From which soliloquy the reader will perceive that Mr. Wyllys had led off with a winning card.
CHAPTER IV.
A week had passed since the Dundee Centennial, and life in the parsonage had been in outward aspect like the weather—still and sunny. The oldest Dundeeian had never known before so early and genial a season. Eunice's roses were in luxuriant bloom; the clover-meadows were pink and fragrant; the forests had burst into full leafage; the strawberries upon the southern terrace of the kitchen-garden were swelling globes, white on the nether, scarlet upon the upper sides.
The ways of the household, always simple and methodical, were not otherwise now. Roy spent a couple of hours each forenoon with his betrothed. Orrin rarely made his appearance until two or three hours after dinner when the cousins came up from the hotel together, and did not return to their lodgings before ten o'clock at night. Mr. Kirke had daily interviews with Mr. Wyllys in the course of the walks and drives they took in company, and brought home accounts of his suavity, wit, and varied information, which were endorsed by Eunice, which Jessie heard with growing bewilderment at the chance or purpose that withheld her from participation in what was freely enjoyed by her father and sister. Even their music practice had not melted the ice that lay, an impassive mass, just beneath the surface of his deportment whenever he approached or addressed her. Her liveliest sallies and most friendly overtures, met with a response, ready and civil, indeed, but so unlike the gentle courtesy, the kindliness and graceful deference of his behavior to Eunice that nothing but a spirit determined and unsuspicious of evil as was our heroine's could have kept her to her resolve to win his friendship.
Roy found her very charming under the light veil of pensiveness this secret solicitude cast over her. She never intimated to him that his kinsman had not met her expectation in every respect. She was thankful, instead, that her betrothed did not see for himself that all was not right between them. Some day, when the frost was quite dispelled, they would laugh over it together—over her fears, her innocent stratagems for the accomplishment of her object, Orrin's stateliness, and Roy's blindness to her perturbation. She had patience and hope. She would await the vanishment of the mist, passing content, meanwhile, with the heart-riches that were hers beyond peradventure. She had not heard of the German University scheme. It was unlike Roy Fordham to hang back from making a revelation which must come in the end, which delays could not soften, and which could cause no more distress now than if it were withheld until the close of his vacation. His judgment said that Jessie would better endure the prospect of the separation while he was with her, to lead her thoughts to the great and manifest advantages that would accrue to him from the year of foreign study, and—overleaping the gulf of absence—to paint the delight of re-union. Mr. Kirke represented that Jessie was a girl of sense and strength; that she would be better pleased to be confided in, and consulted as his future wife, than be blinded and petted as a child; and Roy, acquiescing in this opinion, still put off the evil hour. Was it loving consideration for her—or presentiment—that struck him with dumbness?
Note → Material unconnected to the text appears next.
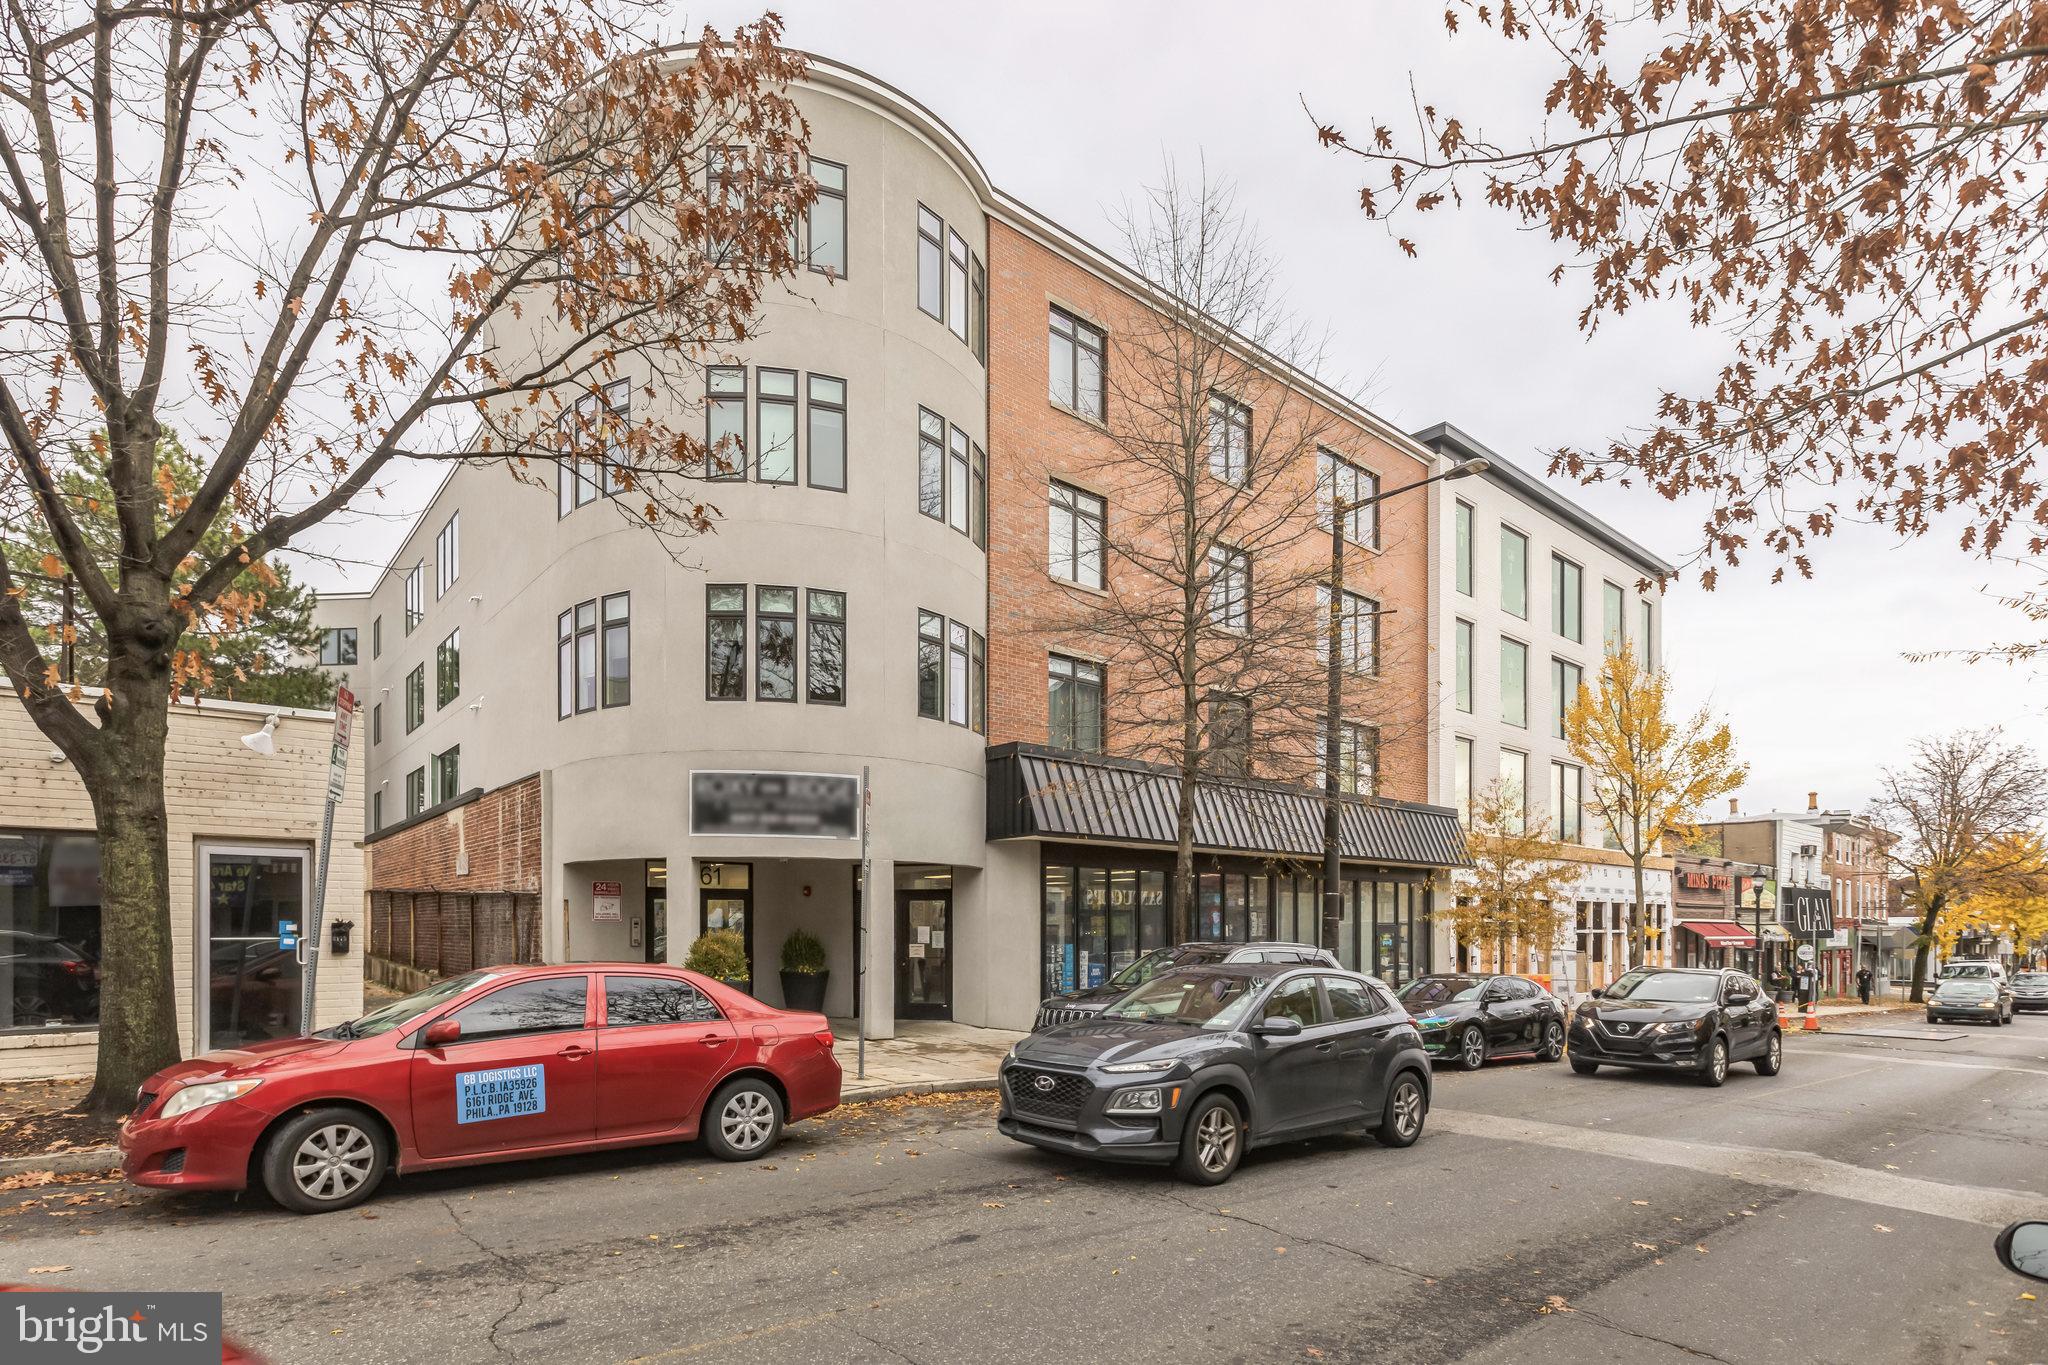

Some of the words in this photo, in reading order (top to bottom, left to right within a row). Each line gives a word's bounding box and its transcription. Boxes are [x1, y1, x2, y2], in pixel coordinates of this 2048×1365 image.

The lovers sat on the piazza, one afternoon, just after the sunset repast. Jessie's "trial effort" had been made with ease that augured rapid recovery, but she was forbidden to walk without assistance, or to bear her whole weight upon the injured foot.
"While I feel strong enough to run a race with you down to the mill," she said, pointing to a venerable building, a quarter of a mile distant. "You can form no idea of the perversity of the restless thing that used to be a manageable member, when I had leave to walk, or sit still as I liked. I have a terrific attack of the fidgets!"
"Penalty of insubordination—a return to the lounge and oriel-window!" smiled Roy, in warning.
"That would be no punishment at all! When I am strong and active again I mean often to play helpless, upon that dear old lounge, to lie within the window and dream. I love it!"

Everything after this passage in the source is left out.